◆ Problem description ◆
The entries are to be returned exactly as written.

◆ Records supplied ◆
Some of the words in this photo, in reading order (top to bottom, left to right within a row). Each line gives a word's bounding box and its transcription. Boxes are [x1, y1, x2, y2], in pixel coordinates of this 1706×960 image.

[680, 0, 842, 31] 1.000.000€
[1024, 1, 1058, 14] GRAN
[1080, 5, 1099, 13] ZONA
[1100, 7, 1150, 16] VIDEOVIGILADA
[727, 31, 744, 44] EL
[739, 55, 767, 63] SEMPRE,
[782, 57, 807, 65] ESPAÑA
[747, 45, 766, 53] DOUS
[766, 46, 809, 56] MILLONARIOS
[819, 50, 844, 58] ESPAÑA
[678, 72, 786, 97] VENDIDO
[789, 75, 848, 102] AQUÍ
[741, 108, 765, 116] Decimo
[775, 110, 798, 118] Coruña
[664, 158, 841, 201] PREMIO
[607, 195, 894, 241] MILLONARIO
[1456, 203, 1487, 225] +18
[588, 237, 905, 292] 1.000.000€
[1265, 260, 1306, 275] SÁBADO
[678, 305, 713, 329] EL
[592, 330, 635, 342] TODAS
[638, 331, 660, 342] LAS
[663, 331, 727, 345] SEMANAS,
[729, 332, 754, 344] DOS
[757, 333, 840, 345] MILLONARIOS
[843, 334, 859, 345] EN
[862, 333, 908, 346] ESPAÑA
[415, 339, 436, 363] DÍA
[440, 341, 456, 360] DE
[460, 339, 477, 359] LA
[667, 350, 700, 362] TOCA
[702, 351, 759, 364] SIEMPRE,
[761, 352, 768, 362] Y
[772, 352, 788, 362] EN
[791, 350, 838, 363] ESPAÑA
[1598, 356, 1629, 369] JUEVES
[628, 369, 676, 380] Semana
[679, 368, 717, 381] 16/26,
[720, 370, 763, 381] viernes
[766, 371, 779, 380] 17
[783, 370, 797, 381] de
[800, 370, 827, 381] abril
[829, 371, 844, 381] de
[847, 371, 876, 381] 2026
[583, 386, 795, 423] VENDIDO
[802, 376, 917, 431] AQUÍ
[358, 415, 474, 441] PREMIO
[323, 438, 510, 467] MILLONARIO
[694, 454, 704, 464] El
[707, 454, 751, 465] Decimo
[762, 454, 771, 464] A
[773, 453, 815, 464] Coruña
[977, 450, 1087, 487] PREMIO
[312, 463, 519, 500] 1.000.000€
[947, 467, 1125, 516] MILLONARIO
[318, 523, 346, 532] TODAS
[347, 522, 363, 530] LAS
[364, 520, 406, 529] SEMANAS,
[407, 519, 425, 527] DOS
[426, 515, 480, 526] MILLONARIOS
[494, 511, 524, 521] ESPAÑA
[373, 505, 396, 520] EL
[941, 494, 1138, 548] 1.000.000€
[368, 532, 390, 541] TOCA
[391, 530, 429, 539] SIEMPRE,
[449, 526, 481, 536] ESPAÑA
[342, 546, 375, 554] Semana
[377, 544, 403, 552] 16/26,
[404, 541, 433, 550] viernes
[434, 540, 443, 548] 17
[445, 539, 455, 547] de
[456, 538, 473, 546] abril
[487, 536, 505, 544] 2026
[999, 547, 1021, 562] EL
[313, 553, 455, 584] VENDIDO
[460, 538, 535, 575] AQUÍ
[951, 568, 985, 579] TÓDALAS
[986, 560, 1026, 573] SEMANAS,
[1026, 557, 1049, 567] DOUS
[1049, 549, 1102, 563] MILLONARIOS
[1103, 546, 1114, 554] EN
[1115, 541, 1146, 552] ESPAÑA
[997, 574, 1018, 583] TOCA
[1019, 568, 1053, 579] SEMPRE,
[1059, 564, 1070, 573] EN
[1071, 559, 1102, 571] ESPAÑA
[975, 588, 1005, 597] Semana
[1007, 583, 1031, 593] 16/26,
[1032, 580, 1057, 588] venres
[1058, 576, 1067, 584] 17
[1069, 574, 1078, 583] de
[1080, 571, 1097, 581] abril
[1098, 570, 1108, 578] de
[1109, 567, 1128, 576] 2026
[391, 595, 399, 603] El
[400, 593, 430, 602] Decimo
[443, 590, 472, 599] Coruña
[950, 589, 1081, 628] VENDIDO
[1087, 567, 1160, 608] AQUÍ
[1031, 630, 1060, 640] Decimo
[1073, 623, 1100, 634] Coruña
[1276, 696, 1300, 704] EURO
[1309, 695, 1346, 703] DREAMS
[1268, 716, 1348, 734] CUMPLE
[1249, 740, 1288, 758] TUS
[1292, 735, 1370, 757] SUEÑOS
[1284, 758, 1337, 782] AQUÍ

◆ Task result ◆
Some of the words in this photo, in reading order (top to bottom, left to right within a row). Each line gives a word's bounding box and its transcription. Boxes are [x1, y1, x2, y2], in pixel coordinates of this 1706×960 image.

[680, 0, 842, 31] 1.000.000€
[1024, 1, 1058, 14] GRAN
[1080, 5, 1099, 13] ZONA
[1100, 7, 1150, 16] VIDEOVIGILADA
[727, 31, 744, 44] EL
[739, 55, 767, 63] SEMPRE,
[782, 57, 807, 65] ESPAÑA
[747, 45, 766, 53] DOUS
[766, 46, 809, 56] MILLONARIOS
[819, 50, 844, 58] ESPAÑA
[678, 72, 786, 97] VENDIDO
[789, 75, 848, 102] AQUÍ
[741, 108, 765, 116] Decimo
[775, 110, 798, 118] Coruña
[664, 158, 841, 201] PREMIO
[607, 195, 894, 241] MILLONARIO
[1456, 203, 1487, 225] +18
[588, 237, 905, 292] 1.000.000€
[1265, 260, 1306, 275] SÁBADO
[678, 305, 713, 329] EL
[592, 330, 635, 342] TODAS
[638, 331, 660, 342] LAS
[663, 331, 727, 345] SEMANAS,
[729, 332, 754, 344] DOS
[757, 333, 840, 345] MILLONARIOS
[843, 334, 859, 345] EN
[862, 333, 908, 346] ESPAÑA
[415, 339, 436, 363] DÍA
[440, 341, 456, 360] DE
[460, 339, 477, 359] LA
[667, 350, 700, 362] TOCA
[702, 351, 759, 364] SIEMPRE,
[761, 352, 768, 362] Y
[772, 352, 788, 362] EN
[791, 350, 838, 363] ESPAÑA
[1598, 356, 1629, 369] JUEVES
[628, 369, 676, 380] Semana
[679, 368, 717, 381] 16/26,
[720, 370, 763, 381] viernes
[766, 371, 779, 380] 17
[783, 370, 797, 381] de
[800, 370, 827, 381] abril
[829, 371, 844, 381] de
[847, 371, 876, 381] 2026
[583, 386, 795, 423] VENDIDO
[802, 376, 917, 431] AQUÍ
[358, 415, 474, 441] PREMIO
[323, 438, 510, 467] MILLONARIO
[694, 454, 704, 464] El
[707, 454, 751, 465] Decimo
[762, 454, 771, 464] A
[773, 453, 815, 464] Coruña
[977, 450, 1087, 487] PREMIO
[312, 463, 519, 500] 1.000.000€
[947, 467, 1125, 516] MILLONARIO
[318, 523, 346, 532] TODAS
[347, 522, 363, 530] LAS
[364, 520, 406, 529] SEMANAS,
[407, 519, 425, 527] DOS
[426, 515, 480, 526] MILLONARIOS
[494, 511, 524, 521] ESPAÑA
[373, 505, 396, 520] EL
[941, 494, 1138, 548] 1.000.000€
[368, 532, 390, 541] TOCA
[391, 530, 429, 539] SIEMPRE,
[449, 526, 481, 536] ESPAÑA
[342, 546, 375, 554] Semana
[377, 544, 403, 552] 16/26,
[404, 541, 433, 550] viernes
[434, 540, 443, 548] 17
[445, 539, 455, 547] de
[456, 538, 473, 546] abril
[487, 536, 505, 544] 2026
[999, 547, 1021, 562] EL
[313, 553, 455, 584] VENDIDO
[460, 538, 535, 575] AQUÍ
[951, 568, 985, 579] TÓDALAS
[986, 560, 1026, 573] SEMANAS,
[1026, 557, 1049, 567] DOUS
[1049, 549, 1102, 563] MILLONARIOS
[1103, 546, 1114, 554] EN
[1115, 541, 1146, 552] ESPAÑA
[997, 574, 1018, 583] TOCA
[1019, 568, 1053, 579] SEMPRE,
[1059, 564, 1070, 573] EN
[1071, 559, 1102, 571] ESPAÑA
[975, 588, 1005, 597] Semana
[1007, 583, 1031, 593] 16/26,
[1032, 580, 1057, 588] venres
[1058, 576, 1067, 584] 17
[1069, 574, 1078, 583] de
[1080, 571, 1097, 581] abril
[1098, 570, 1108, 578] de
[1109, 567, 1128, 576] 2026
[391, 595, 399, 603] El
[400, 593, 430, 602] Decimo
[443, 590, 472, 599] Coruña
[950, 589, 1081, 628] VENDIDO
[1087, 567, 1160, 608] AQUÍ
[1031, 630, 1060, 640] Decimo
[1073, 623, 1100, 634] Coruña
[1276, 696, 1300, 704] EURO
[1309, 695, 1346, 703] DREAMS
[1268, 716, 1348, 734] CUMPLE
[1249, 740, 1288, 758] TUS
[1292, 735, 1370, 757] SUEÑOS
[1284, 758, 1337, 782] AQUÍ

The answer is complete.